Officers discovered his real name through finger print evidence after his arrest, jurors were told.
Giving evidence, the defendant said he 'used a false ID to obtain work, to get a job' and that it was 'to make a living… to save for my partner – I'm the one who paid for the rent'.
He said he had come to the UK on vacation and later to find employment.
Asked why he gave officers a false name, he said: 'I was panicking, that's the name people call me at my work.'
At the time of the alleged rape he was living in an apartment with his partner and at work supervised three other Heaven security guards, the court heard.

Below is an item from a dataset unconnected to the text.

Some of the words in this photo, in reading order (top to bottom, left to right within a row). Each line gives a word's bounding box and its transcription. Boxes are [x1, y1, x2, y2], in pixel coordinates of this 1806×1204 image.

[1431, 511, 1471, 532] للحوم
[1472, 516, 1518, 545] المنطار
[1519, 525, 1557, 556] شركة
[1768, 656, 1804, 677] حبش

He said he had met the complainant, who cannot be identified, months before the incident when she said hello to him by the club.

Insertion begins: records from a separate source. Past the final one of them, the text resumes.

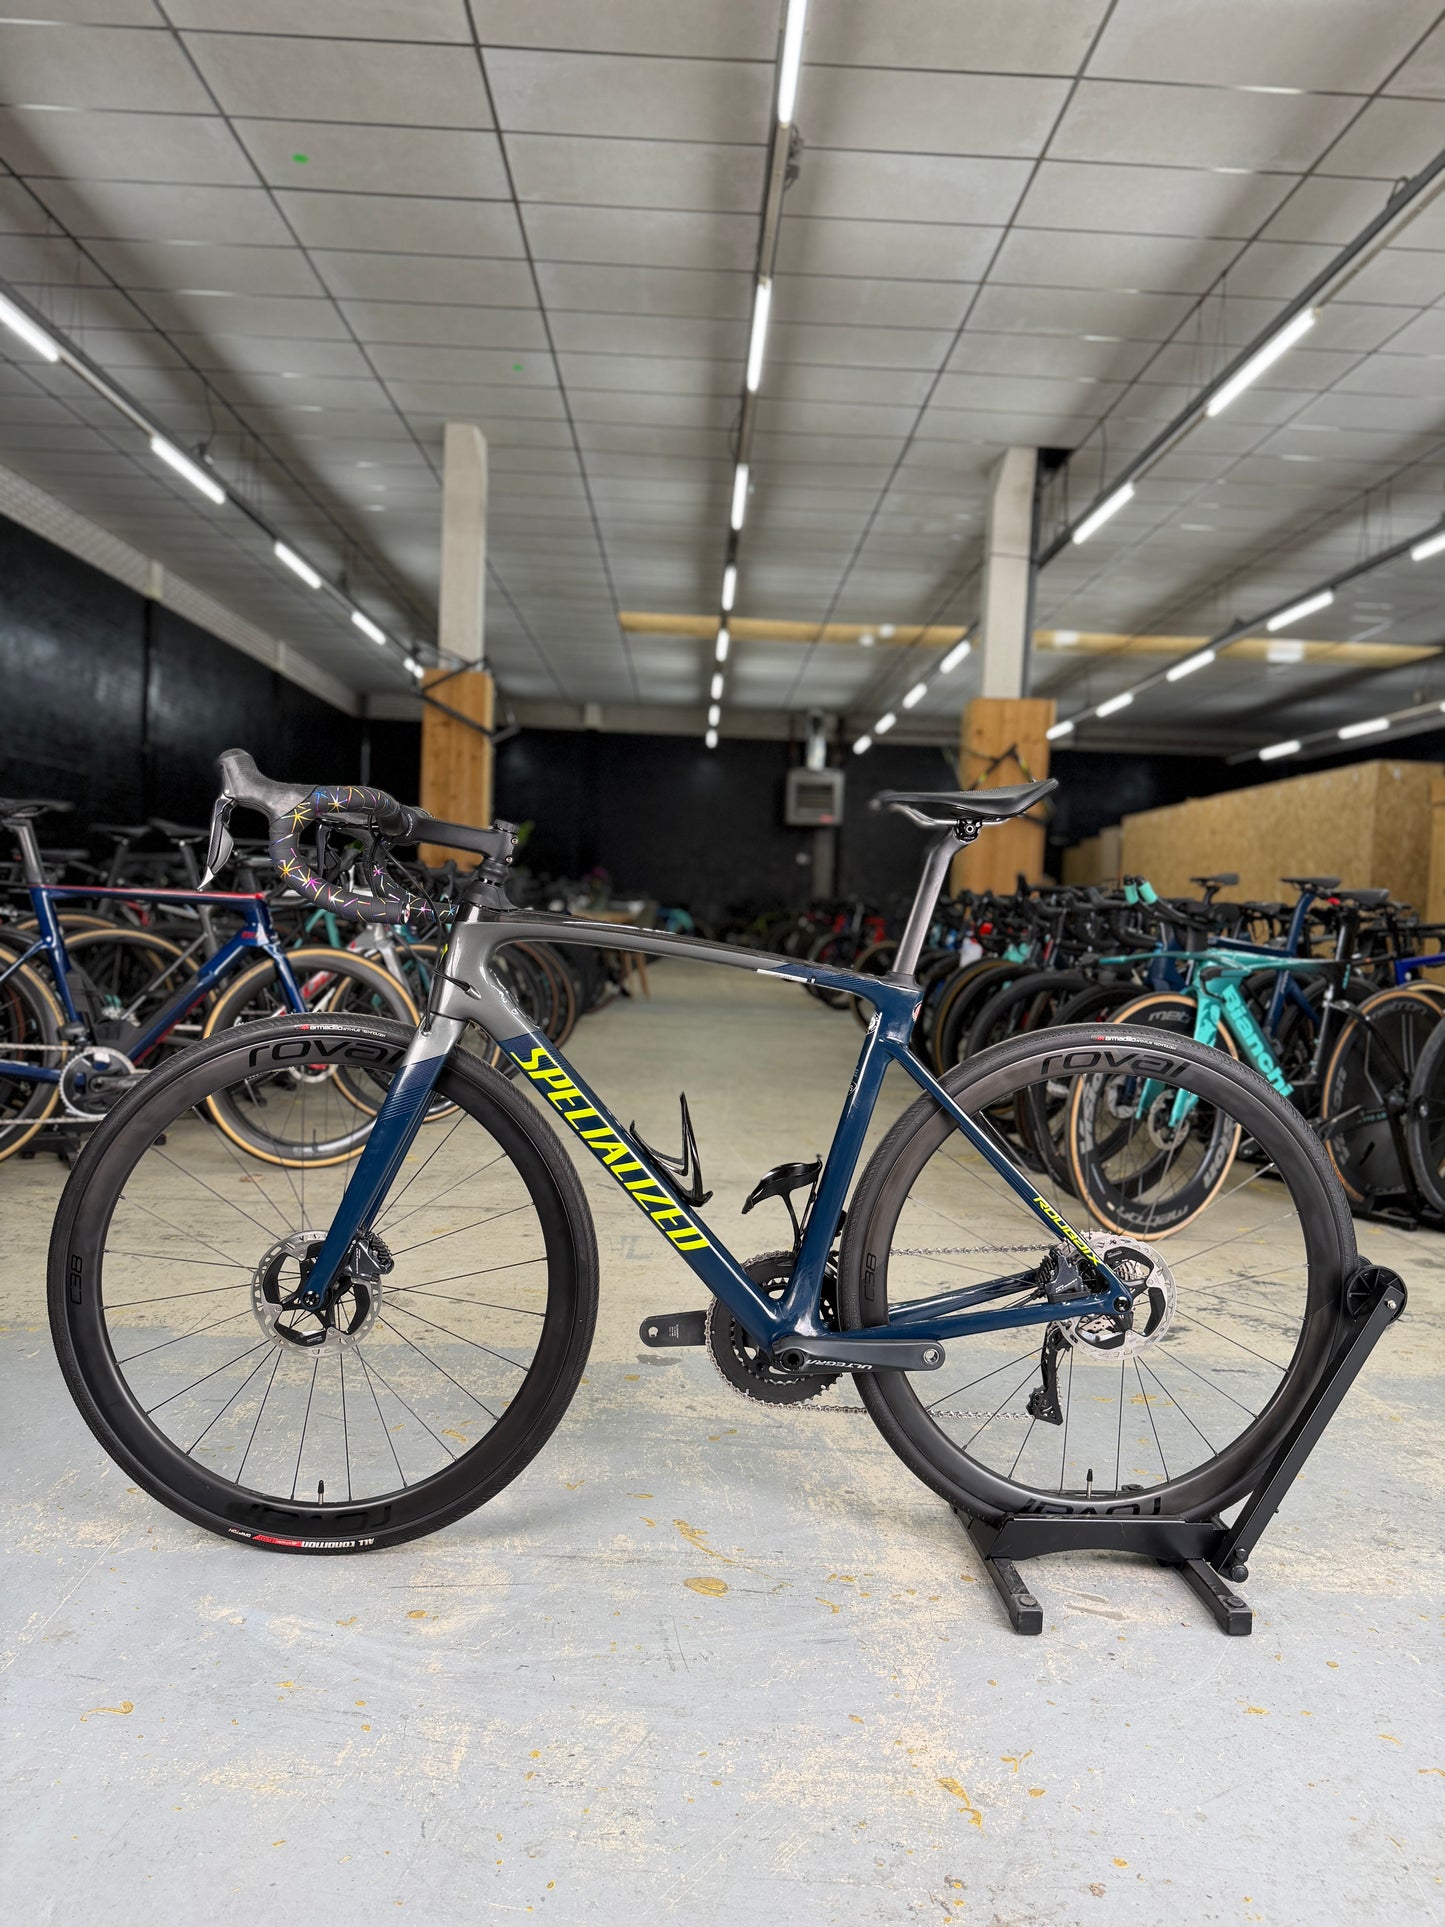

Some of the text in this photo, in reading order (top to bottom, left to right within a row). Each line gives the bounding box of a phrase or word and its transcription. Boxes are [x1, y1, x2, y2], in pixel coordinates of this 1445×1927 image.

[309, 1023, 343, 1031] armadillo
[1222, 984, 1294, 1097] Bianchi
[249, 1040, 408, 1067] roval
[1041, 1051, 1191, 1078] roval
[510, 1047, 710, 1251] SPECIALIZED
[70, 1254, 83, 1305] C38
[864, 1252, 877, 1302] C38
[806, 1359, 873, 1370] ULTEGRA
[301, 1540, 356, 1549] CONDITION

On the the night of the alleged rape she said 'hello uncle how are you', 'you look handsome' and later kissed him, he claimed.
Adewole, who wore a blue suit and tie, added that 'almost every night' at work he has 'interactions' that can include people trying to kiss him.
He said he told her to stop and she later asked him for water.
'I told her I can't go inside the club to get her water, but I have water in my car,' he added.
The defendant said he then took a work break and walked with the woman and her friend to his nearby Lexus and gave the friend water, which the complainant also drank.
He said the complainant needed the toilet and he went with her to a nearby tunnel, leaving the friend.
The teenager asked him to join her because 'the phone snatcher and the bag snatcher' operate in the 'dodgy area', he said.
CCTV showed the defendant and the complainant in the tunnel and Adewole claimed they kissed there.
Footage appeared to show her stumbling in the tunnel that was behind a shutter.
Prosecutor Marion Smullen said the complainant could be seen falling and asked Adewole why he did not radio for assistance.
He said the teenager had not fallen but she 'goes down' and that he would not contact welfare or a medic 'for this kind of falling'.
Adewole claimed that the teenager said she 'wanted sex from him' but that he told her this could not happen in the tunnel.
The defendant then collected his car and drove the teenager to nearby Adelphi Terrace.
He told the court he was wearing a hi-vis jacket with a body-worn camera, a walkie-talkie and an earpiece when they arrived.
It is alleged that he then raped her in the back seat of the parked vehicle.
Adewole claimed there was sexual activity but he did not have penetrative intercourse with the woman.
He removed his earpiece and camera but still had the radio on at that point, he said.
He added that the woman had earlier told him she was 25-years-old but in the car she said she was 19 and he 'stopped immediately'.
Asked why, the defendant said: 'I can't date someone below 25.'
He said he has a science degree and had previously been employed as a hydraulic and civil engineer, meaning he worked on construction and roadworks.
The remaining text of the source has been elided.